In the next 3 weeks, they'll get most of the older people vaccinated (with at least 1 shot) and they will get the supply channels fully debugged, increasing.

With the mRNA shots, the first provided something like 80% effective protection and the 2nd one adds an additional 15%, 95% total. Plus, almost nobody who has gotten a shot needs hospitalization 2 weeks later, even if they get exposed and have symptoms or not. There are deaths, but those appear to be due to other complications. It is just standard practice to run a COVID test on all dead people now. The US has over 100M people vaccinated,

Among 10,262 cases (post-vaccination), 995 were hospitalized and 289 people (29 percent) had asymptomatic COVID-19 infections

So, of 100M vaccinated, about 0.010% are being hospitalized for COVID. That's 99.990% effective protection. Amazing.

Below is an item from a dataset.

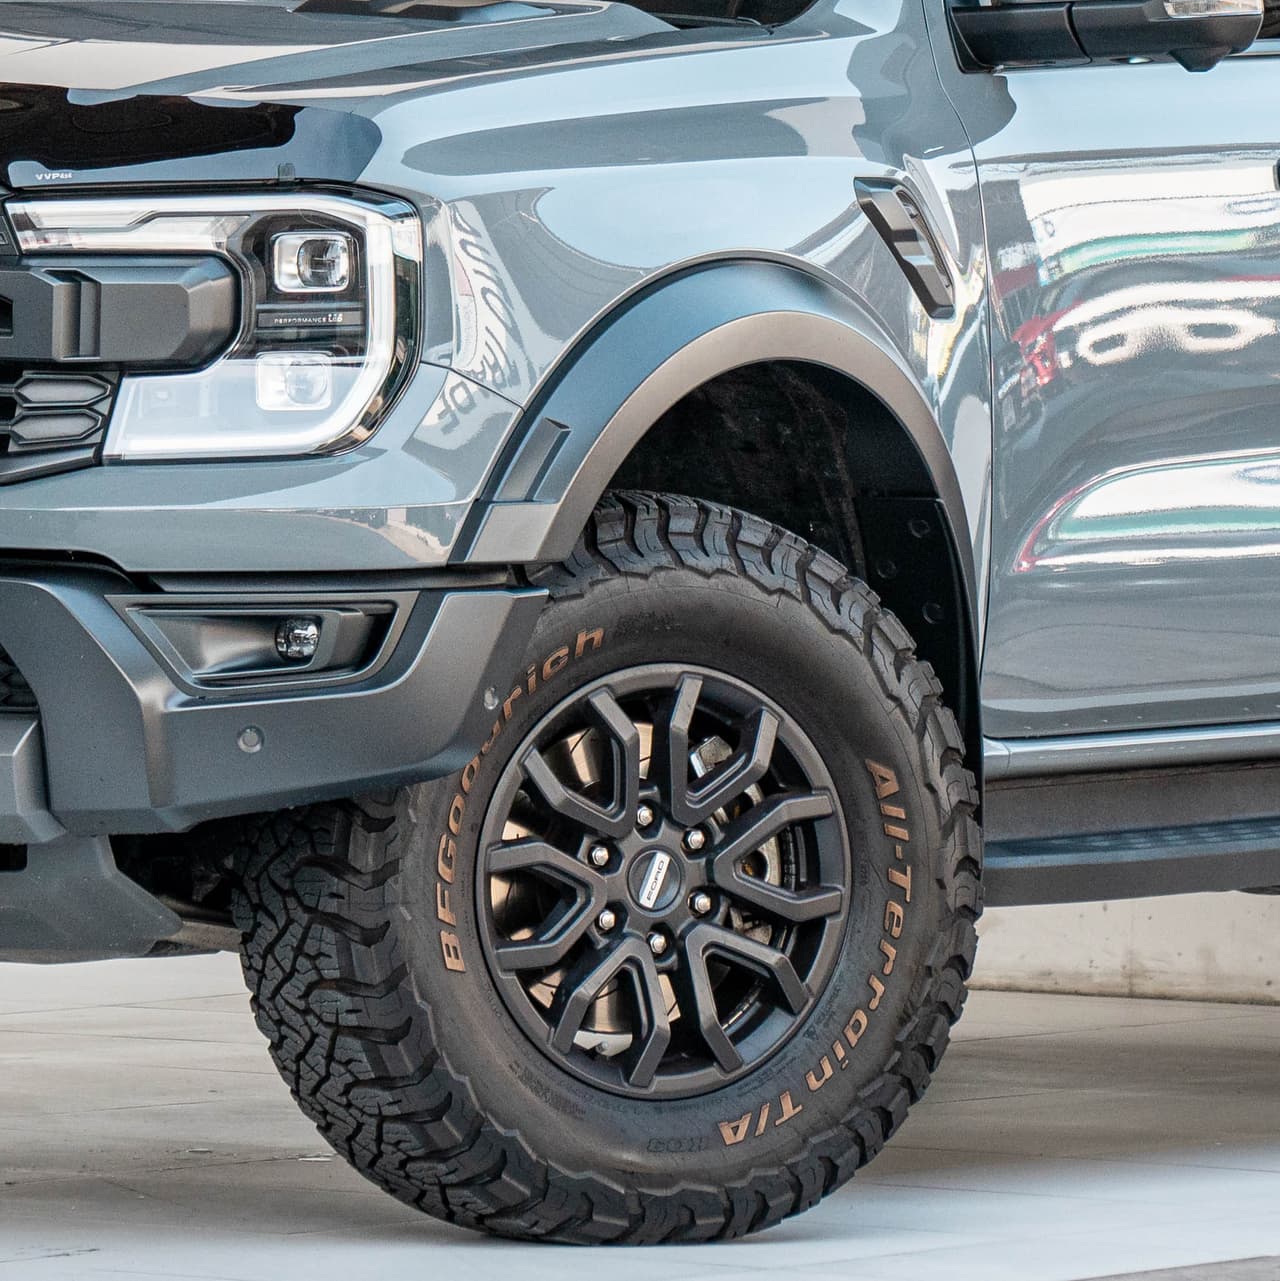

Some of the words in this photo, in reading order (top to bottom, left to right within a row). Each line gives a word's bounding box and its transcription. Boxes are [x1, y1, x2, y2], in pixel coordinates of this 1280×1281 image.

On 12-17 yr olds, the Moderna vaccine provided 100% effective protection: https://arstechnica.com/science/2021/05/moderna-says-vaccine-highly-effective-in-kids-12-17-seeks-fda-authorization/

https://arstechnica.com/science/2021/05/covid-cases-after-vaccination-are-still-very-rare-variants-arent-changing-that/

Among approximately 101 million vaccinated people in the US as of April 30, the CDC collected reports of 10,262 breakthrough cases from 46 states and territories. That works out to about 0.01% breakthrough cases among the fully vaccinated.

And recent studies are showing that the vaccines are lasting longer than previously believed, at least for the mRNA vaccines. For people who catch COVID and are vaccinated, it seems to be lifetime protection. The studies aren't showing how long protection will last for people who never get the virus, but more studies are supposed to be released soon about that.

2 ( +2 / -0 )

I hope it doesn't turn out to be like some bad SciFi film, where the inoculated population gets told that the vast majority of the recipients will live beyond a year, and that the rest had been selected to die in order to save the greatly overpopulated planet which can no longer support us all.

-2 ( +1 / -3 )

Which workplaces? Pediatric cardiovascular surgery centers? Might be a place to start if you can squeeze 'em in in 2021.

1 ( +1 / -0 )

Japan will start COVID-19 vaccinations at workplaces and universities on June 21 to speed up the pace of the country's sluggish vaccine rollout,

Is it me, or does Japan actually have to have a vaccine rollout in order for it to be called sluggish?

According to Kato, companies and universities will be responsible for securing medical personnel to administer the vaccinations.

I can help Chief Whatever Kato with that--just trawl the Olympic sites and offer slightly higher wages.